YOUR GOAL: Nothing may be left out of the listing below but its images; repeat the rest exactly.

• • •

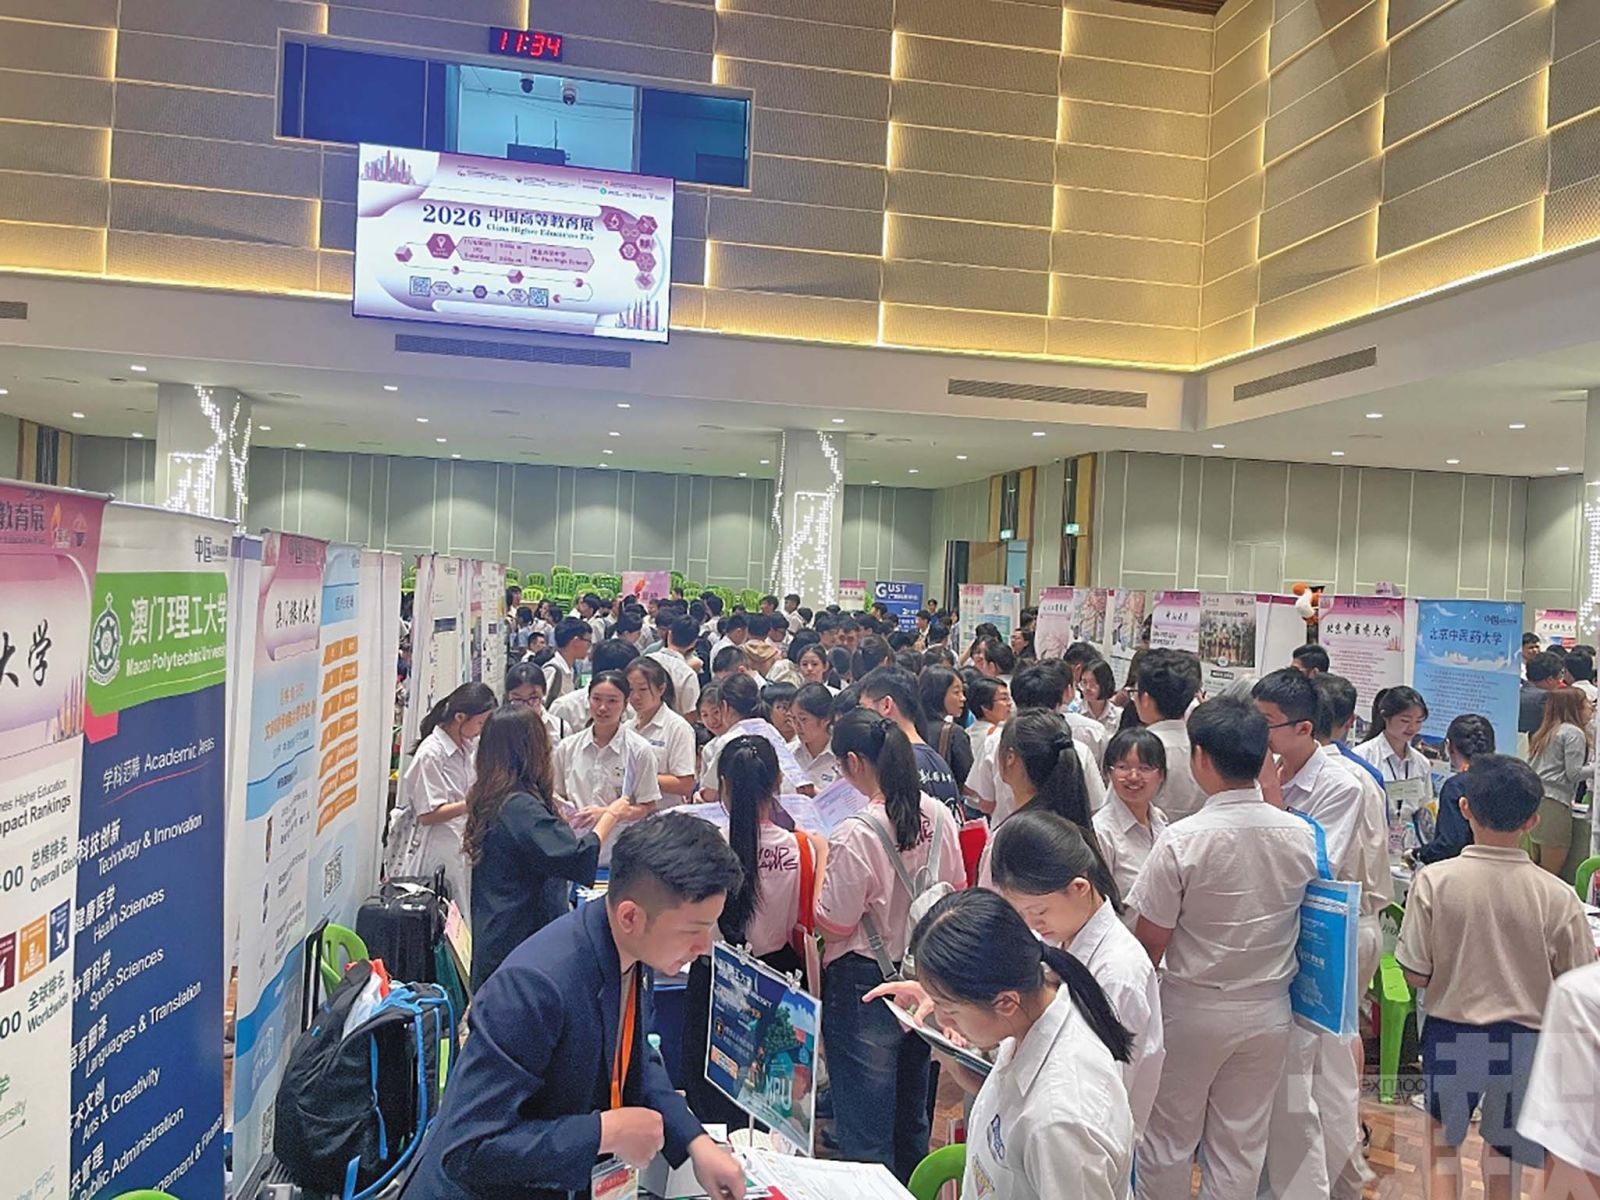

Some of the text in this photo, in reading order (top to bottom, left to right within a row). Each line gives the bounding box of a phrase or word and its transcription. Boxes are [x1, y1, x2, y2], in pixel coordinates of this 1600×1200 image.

[499, 31, 561, 57] 11:34
[422, 204, 481, 228] 2026
[1429, 627, 1503, 645] 北京中医药大学
[126, 658, 151, 677] Macao
[144, 744, 196, 772] Academic
[198, 737, 216, 755] Areas
[0, 795, 71, 838] pact Rankings
[143, 830, 151, 849] &
[154, 814, 202, 845] Innovation
[30, 864, 60, 892] Overall
[94, 888, 165, 944] Health Sciences
[90, 948, 164, 1011] Sports Sciences
[86, 981, 201, 1078] Languages & Translation
[101, 1104, 109, 1123] &
[111, 1067, 161, 1114] Creativity
[111, 1107, 184, 1178] Administration

• • •

SOLUTION TO THIS PROBLEM:
Some of the text in this photo, in reading order (top to bottom, left to right within a row). Each line gives the bounding box of a phrase or word and its transcription. Boxes are [x1, y1, x2, y2], in pixel coordinates of this 1600×1200 image.

[499, 31, 561, 57] 11:34
[422, 204, 481, 228] 2026
[1429, 627, 1503, 645] 北京中医药大学
[126, 658, 151, 677] Macao
[144, 744, 196, 772] Academic
[198, 737, 216, 755] Areas
[0, 795, 71, 838] pact Rankings
[143, 830, 151, 849] &
[154, 814, 202, 845] Innovation
[30, 864, 60, 892] Overall
[94, 888, 165, 944] Health Sciences
[90, 948, 164, 1011] Sports Sciences
[86, 981, 201, 1078] Languages & Translation
[101, 1104, 109, 1123] &
[111, 1067, 161, 1114] Creativity
[111, 1107, 184, 1178] Administration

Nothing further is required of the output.